UK first for Leicester: ground-breaking software lets surgeon see real-time 3D map of heart
Innovative software that allows a surgeon to view inside a patient’s heart in real time while applying treatment has been used for the first time in the UK in operations at Glenfield Hospital, Leicester.
University of Leicester Professor and Leicester’s Hospitals Cardiologist Andre Ng used the new technique in operations on two patients suffering from atrial fibrillation (AF). The commonest form of hearth rhythm disturbance in the UK, AF currently affects more than 1.5 million people. It is characterised by fast, irregular beats of the heart’s upper chambers, and can lead to stroke and heart failure.
The standard treatment for AF is catheter ablation, in which a long, thin tube is inserted into the heart via the femoral vein. The tip of the catheter creates scars (lesions) in the heart muscle, using either heat or cold, which disrupt the erratic electrical signals causing the AF. Applying the lesions at exactly the right points takes tremendous skill.

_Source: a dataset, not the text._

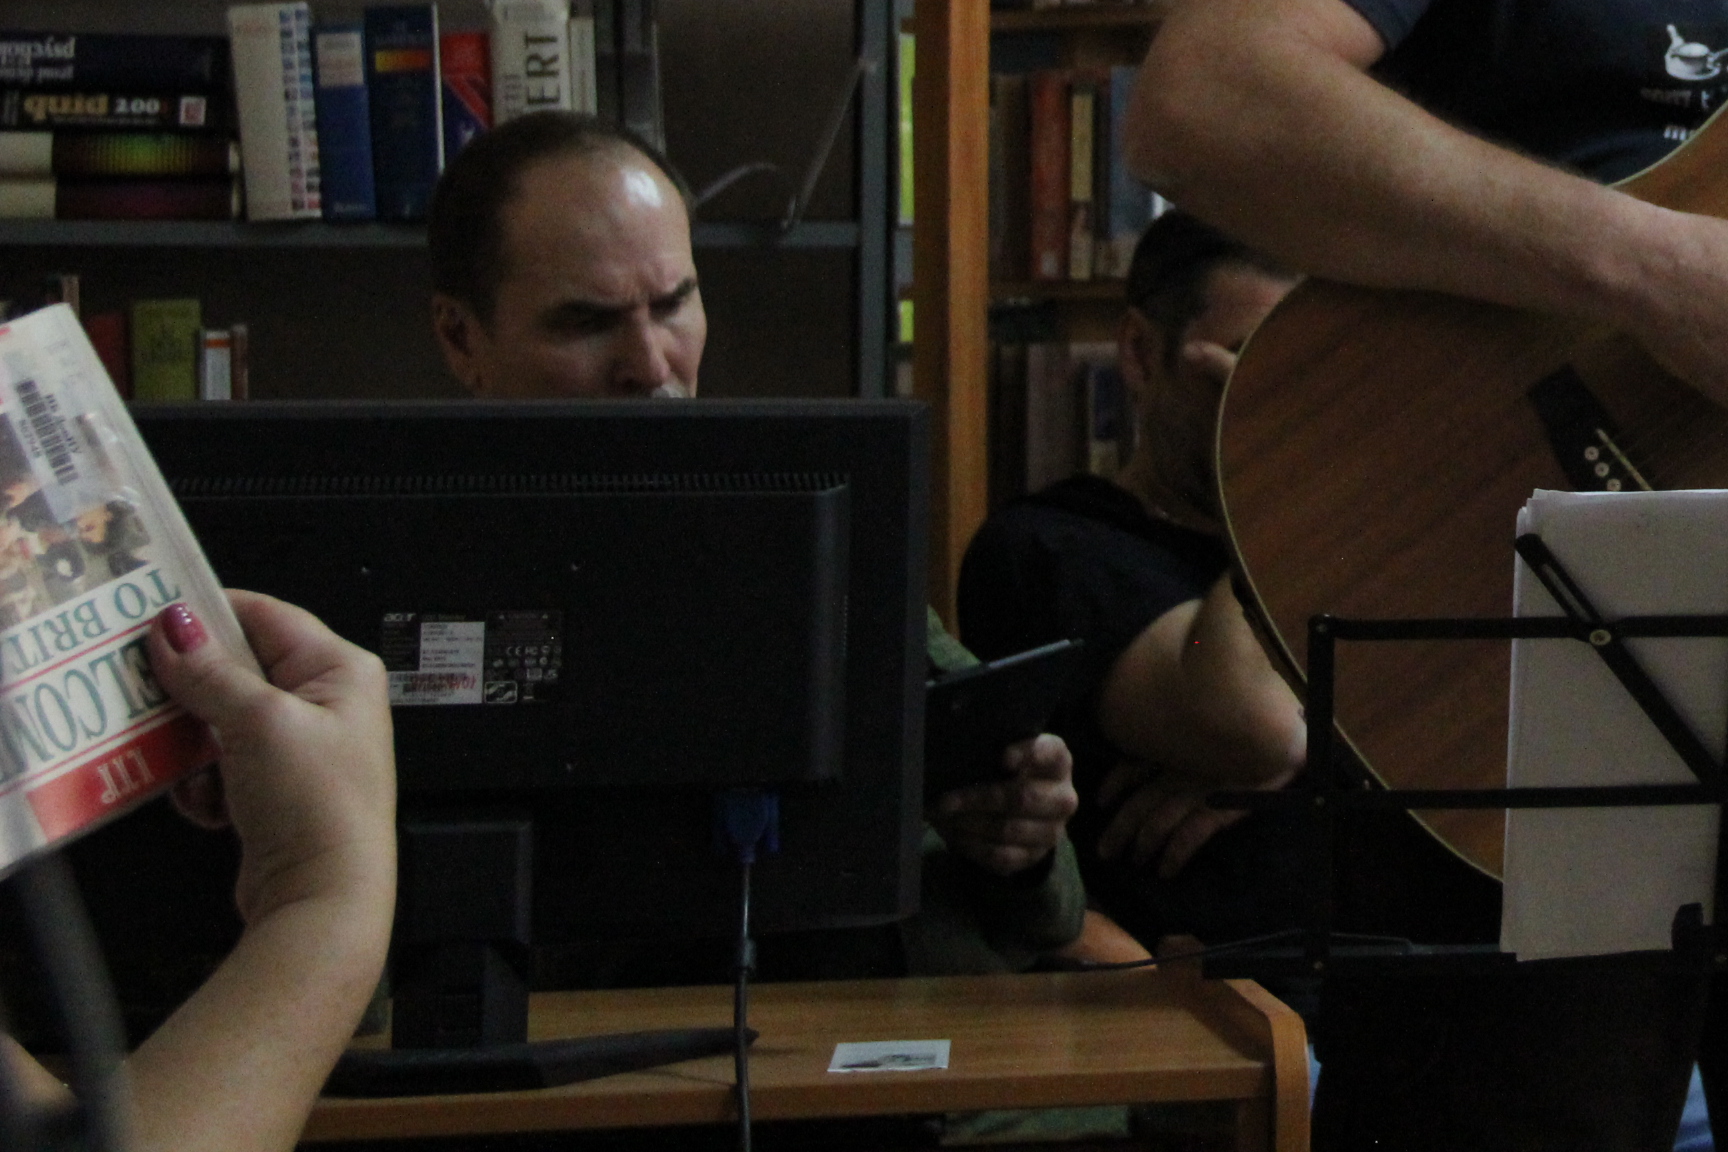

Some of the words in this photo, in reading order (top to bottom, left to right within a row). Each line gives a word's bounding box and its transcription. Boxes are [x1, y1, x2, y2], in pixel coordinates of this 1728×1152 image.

On Thursday 8 August 2019 Professor Ng became the first cardiologist in the UK to use the KODEX - EPD™ cardiac mapping and navigation system in operations on two AF patients at Glenfield. This innovative software uses electromagnetic technology to create real-time three-dimensional, high definition (3D-HD) images of the patient’s heart. Using the new system, Professor Ng was able to apply lesions with unprecedented accuracy and precision, thereby increasing the operation’s effectiveness and reducing the risk of complications. Both operations were successful and the patients have now been discharged.
“Catheter ablation is an established treatment for AF but the results are variable,” said Professor Ng. “An Achilles heel of this therapy is that we do not have real-time information of how good the ablation lesions we deliver are, which is largely regarded as the Holy Grail of the procedure. The KODEX EPD mapping system uses a novel di-electric energy source which allows us to electrically image unique characteristics of the heart and other structures, like a high fidelity radar system, thereby providing unique advantages over other mapping systems currently used.
“We are very pleased to be able to have access to this new technology at an early stage and hope to consolidate this through further research work to explore and develop its potentials, which we hope will be translated to improved procedure outcomes.”
The KODEX EPD software is part of a new multicentre study, the Patient Specific Outcome Trial (PSOT). Glenfield Hospital are the UK’s lead for this multicentre international trial, supported by the Leicester National Institute for Health Research Biomedical Research Centre.